The dermatophyte Microsporum gypseum was grown on human hair in a mineral medium. Filtrates of cultures of various age were chromatographed on Sephadex gels and further characterized by chemical analysis and thin-layer chromatography. The products of keratin decomposition were separated into two fractions. The first fraction formed 10 to 20% of the bulk and contained proteins low in sulfur content. The second, very wide fraction contained oligopeptides and polypeptides with molecular weights from several hundreds up to approximately 13,000 with a peak at 1,000-2,000 daltons. This fraction contained a relatively high amount of cystine, S-sulfocysteine, and cysteic acid.

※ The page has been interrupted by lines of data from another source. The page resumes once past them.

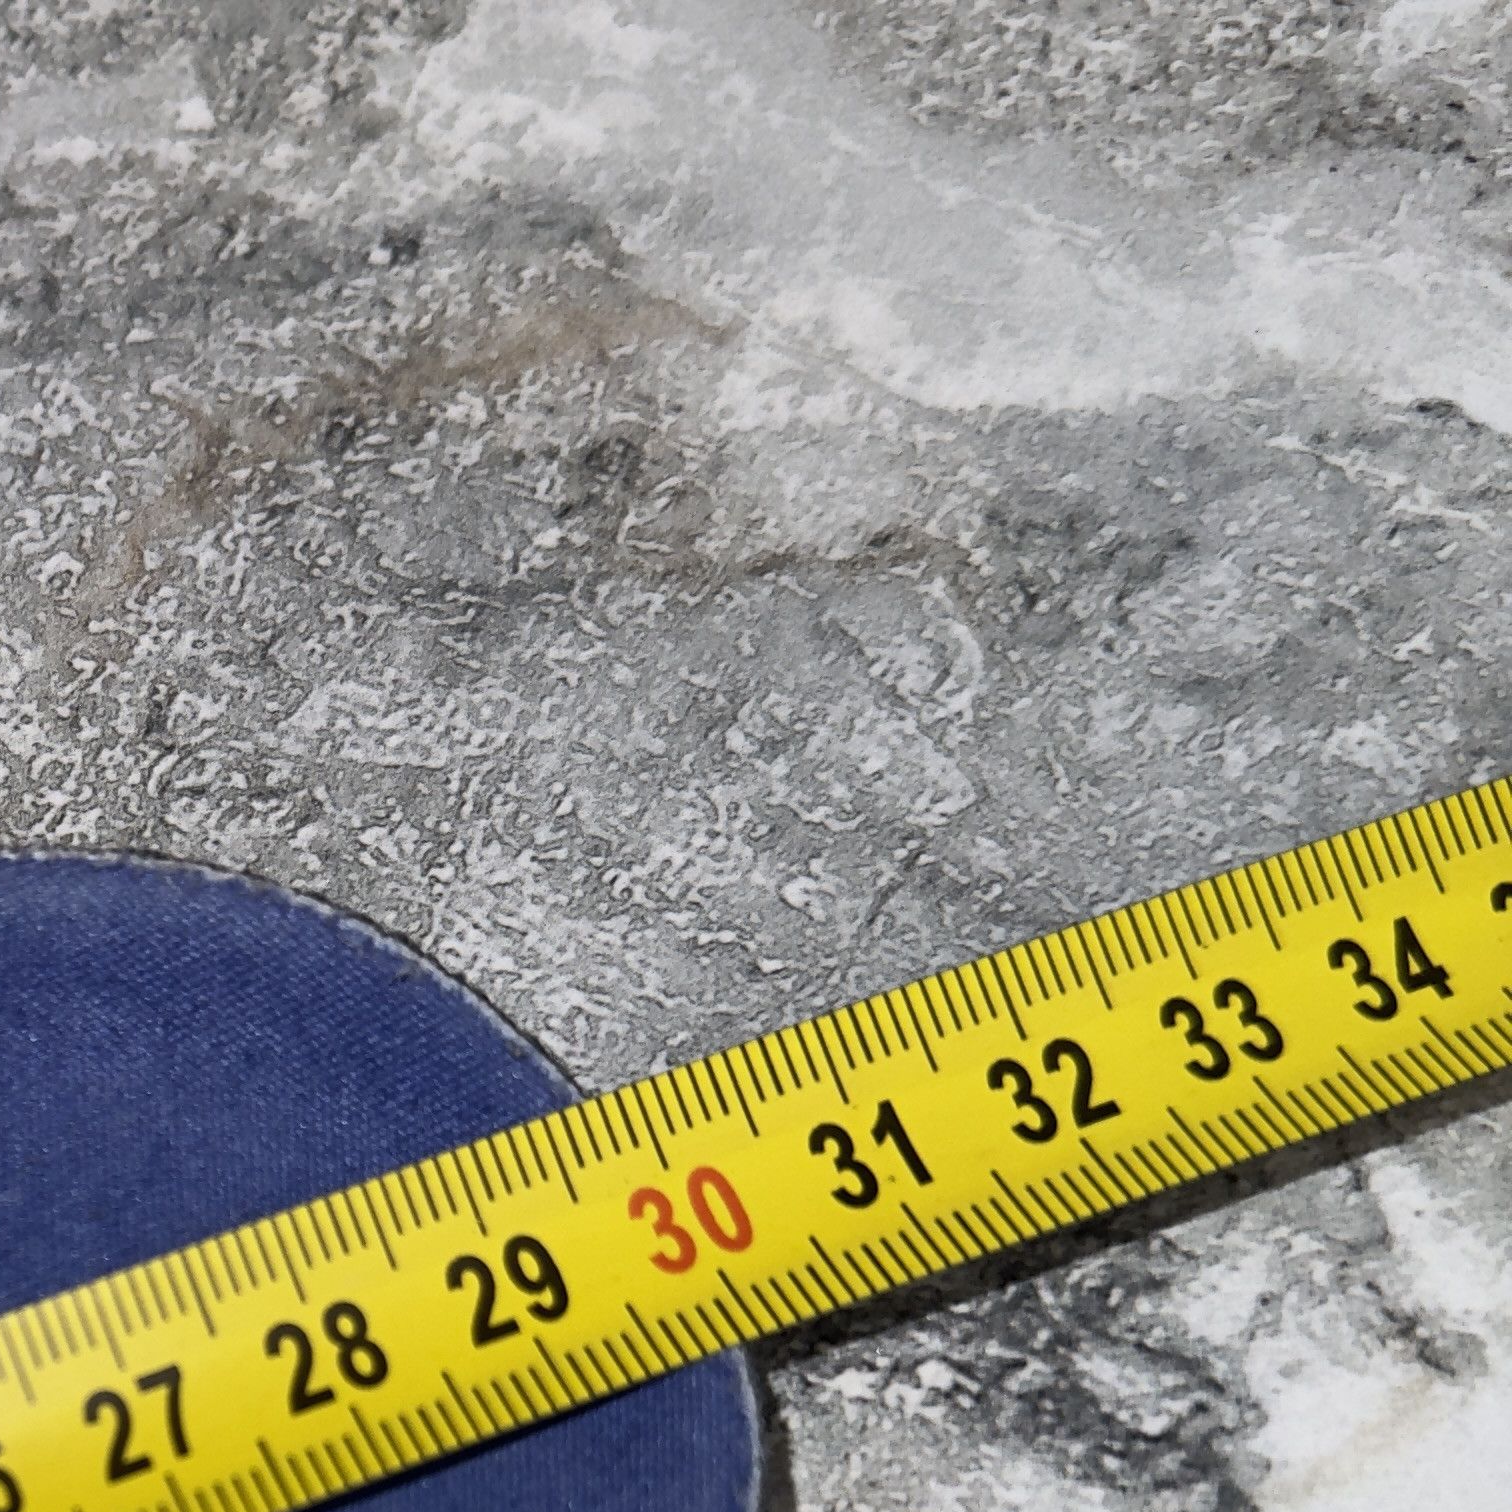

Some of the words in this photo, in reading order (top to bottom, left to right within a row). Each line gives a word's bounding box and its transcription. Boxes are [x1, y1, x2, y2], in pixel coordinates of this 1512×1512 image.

[84, 1365, 191, 1484] 27
[264, 1301, 390, 1416] 28
[445, 1235, 571, 1348] 29
[628, 1165, 755, 1274] 30
[808, 1099, 934, 1210] 31
[986, 1037, 1123, 1145] 32
[1159, 977, 1286, 1082] 33
[1326, 916, 1455, 1022] 34
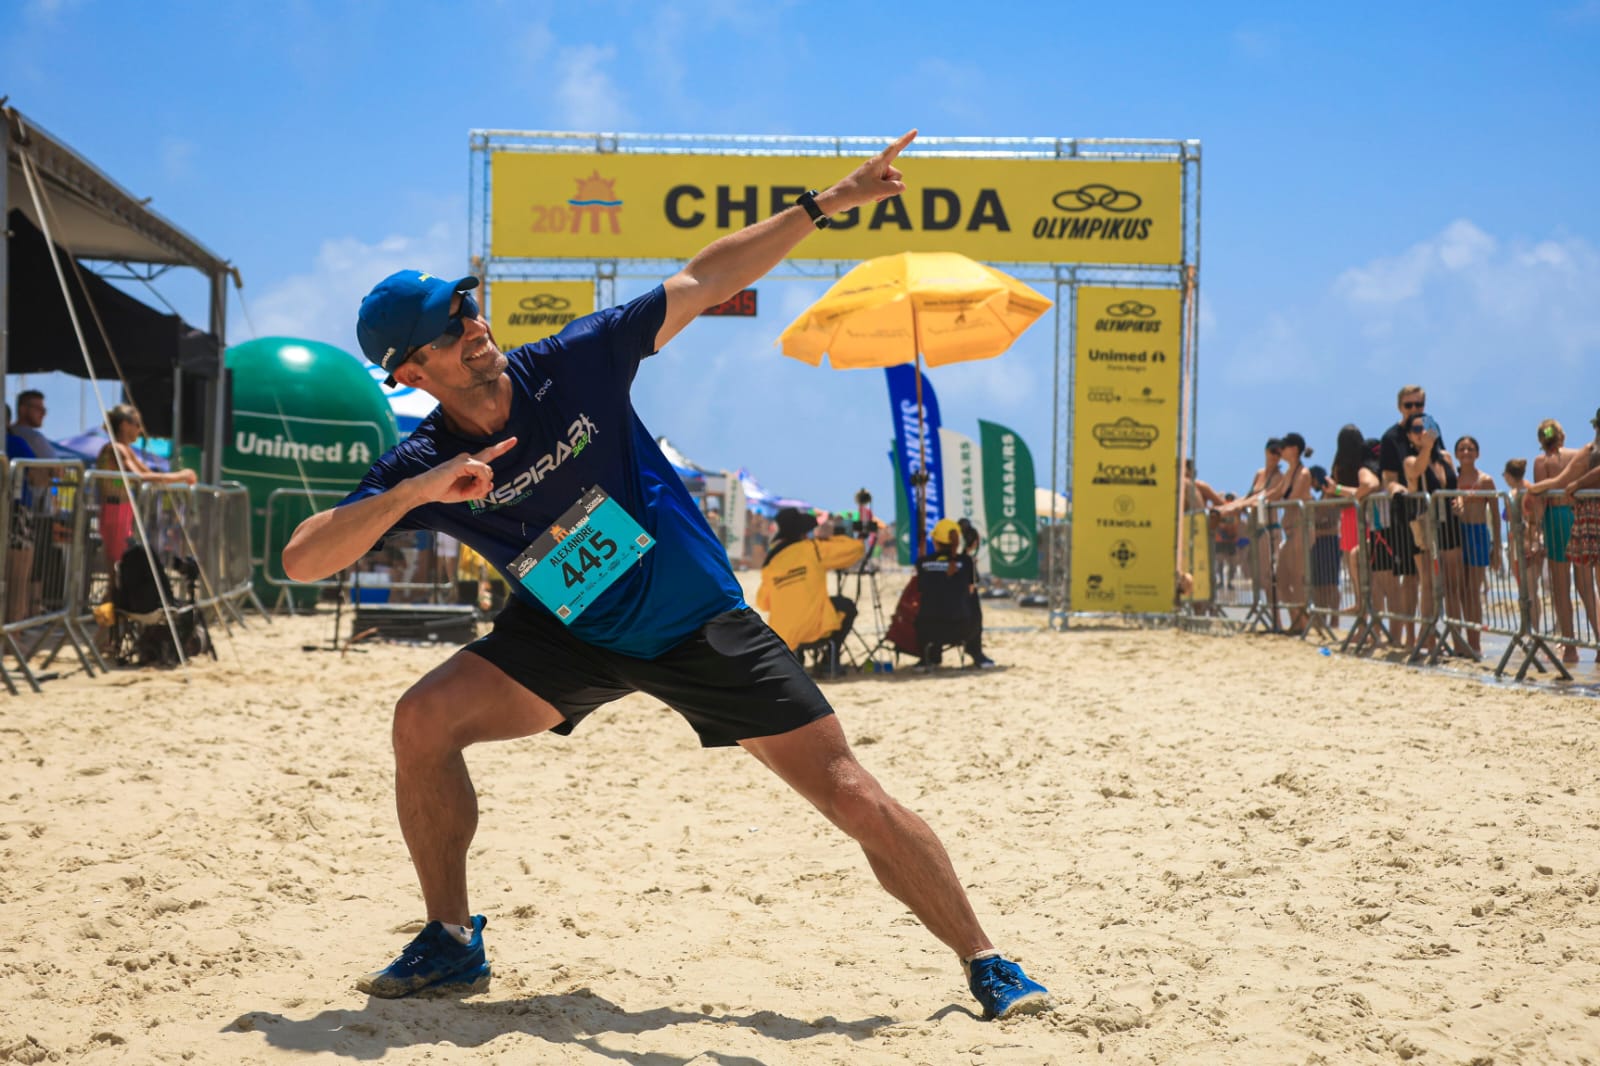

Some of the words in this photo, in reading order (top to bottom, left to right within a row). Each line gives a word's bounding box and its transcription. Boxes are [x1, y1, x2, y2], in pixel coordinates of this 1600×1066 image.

[1032, 217, 1153, 240] OLYMPIKUS
[1095, 319, 1162, 333] OLYMPIKUS
[1089, 350, 1147, 362] Unimed
[235, 431, 342, 463] Unimed
[1002, 434, 1016, 518] CEASA/RS
[1096, 519, 1151, 528] TERMOLAR
[550, 524, 595, 568] ALEXANDRE
[561, 531, 618, 589] 445
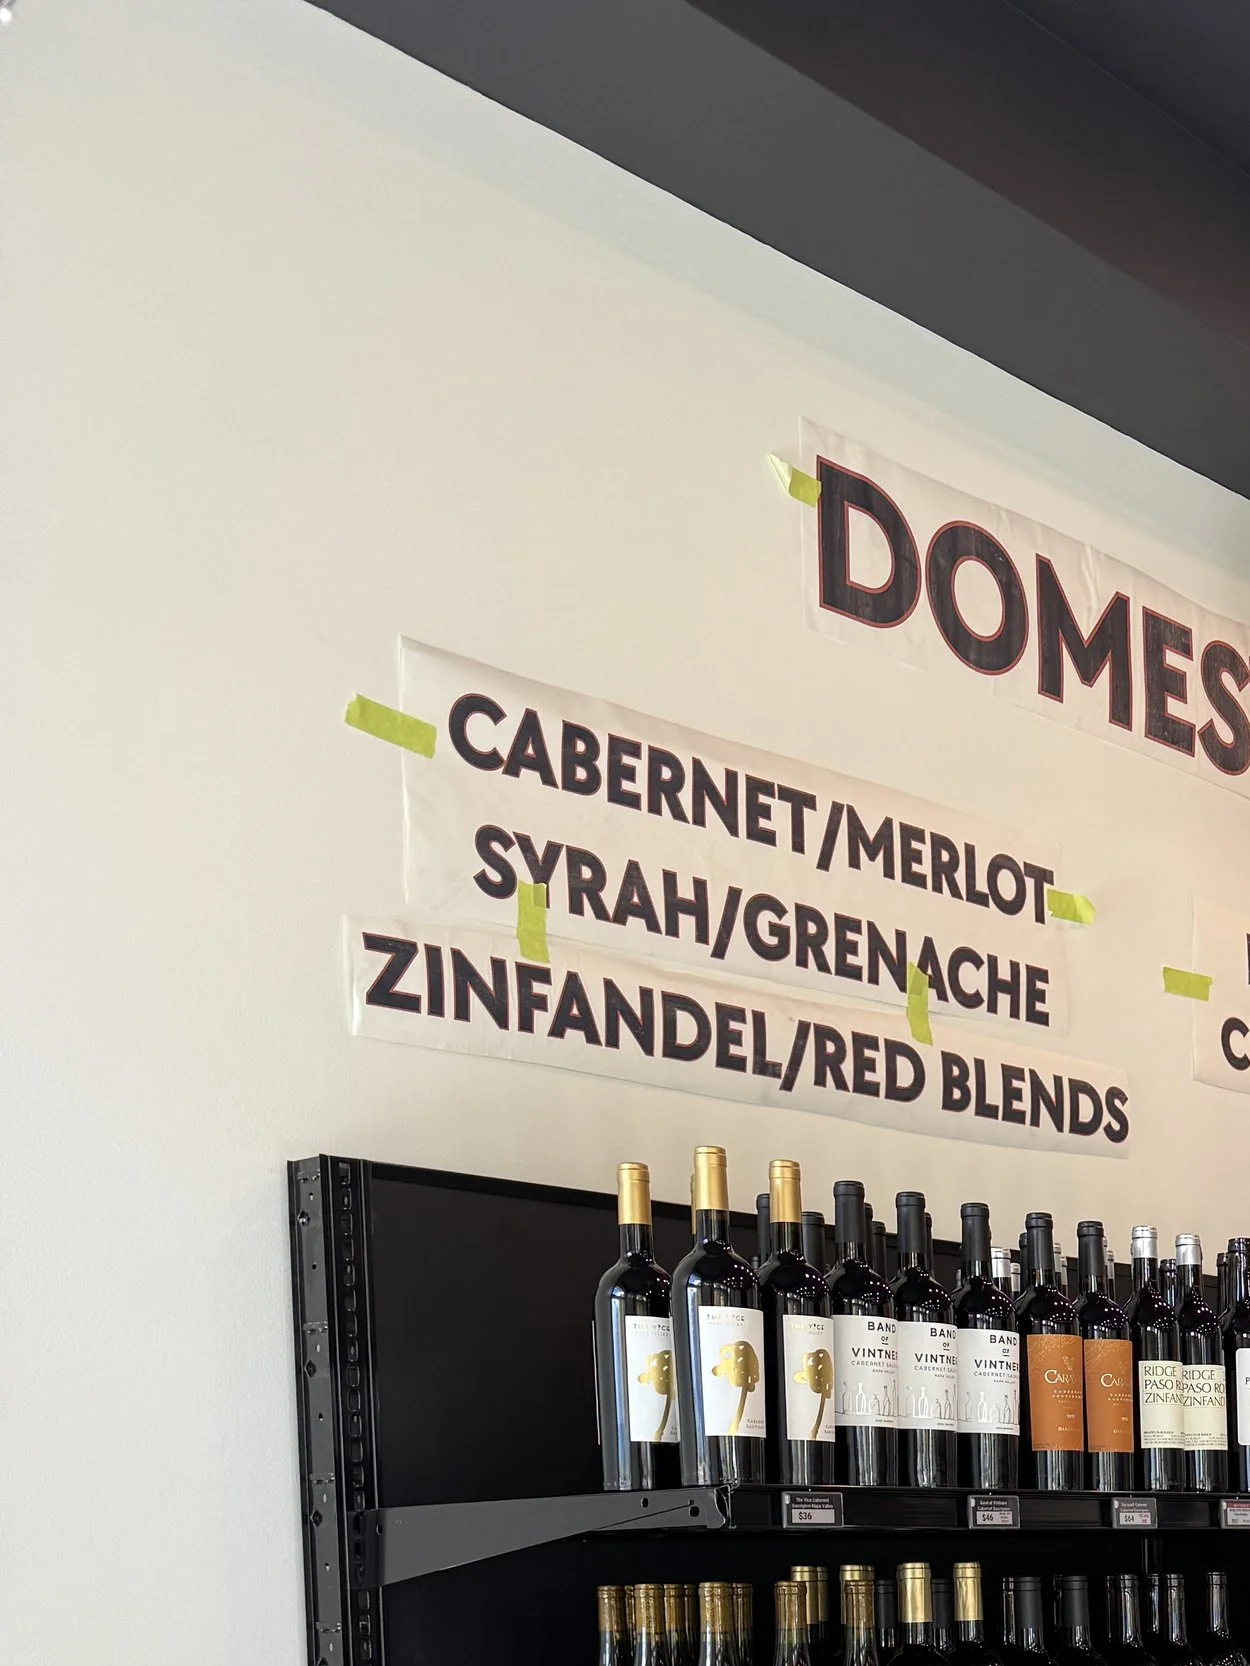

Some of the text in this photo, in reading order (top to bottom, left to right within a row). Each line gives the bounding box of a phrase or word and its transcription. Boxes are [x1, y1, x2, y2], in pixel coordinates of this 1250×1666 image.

[449, 693, 1054, 926] CABERNET/MERLOT
[474, 824, 1050, 1027] SYRAH/GRENACHE
[363, 932, 1130, 1143] ZINFANDEL/RED BLENDS
[868, 1321, 897, 1334] BAND
[930, 1327, 956, 1340] BAND
[989, 1334, 1018, 1346] BAND
[1144, 1365, 1177, 1377] RIDGE
[1182, 1369, 1216, 1380] RIDGE
[1145, 1379, 1173, 1390] PASO
[1183, 1382, 1212, 1393] PASO
[798, 1512, 812, 1520] $36
[982, 1513, 993, 1521] $46

S-sulfocysteine was present in the free state and also combined in peptides where its amount exceeded that of cystine. This supports the author's hypothesis on keratin decomposition by dermatophytes. According to this hypothesis, the fungus excretes sulfite which cleaves the disulfide bonds of keratin to cysteine and S-sulfocysteine. The substrate, denatured by sulfitolysis, is then more easily digestible by fungal proteases. Besides S-sulfocysteine, comparable amounts of cysteic acid were found in all analyses. This compound most probably originated by air oxidation of sulfur amino acids in the alkaline cultivation fluid.[1]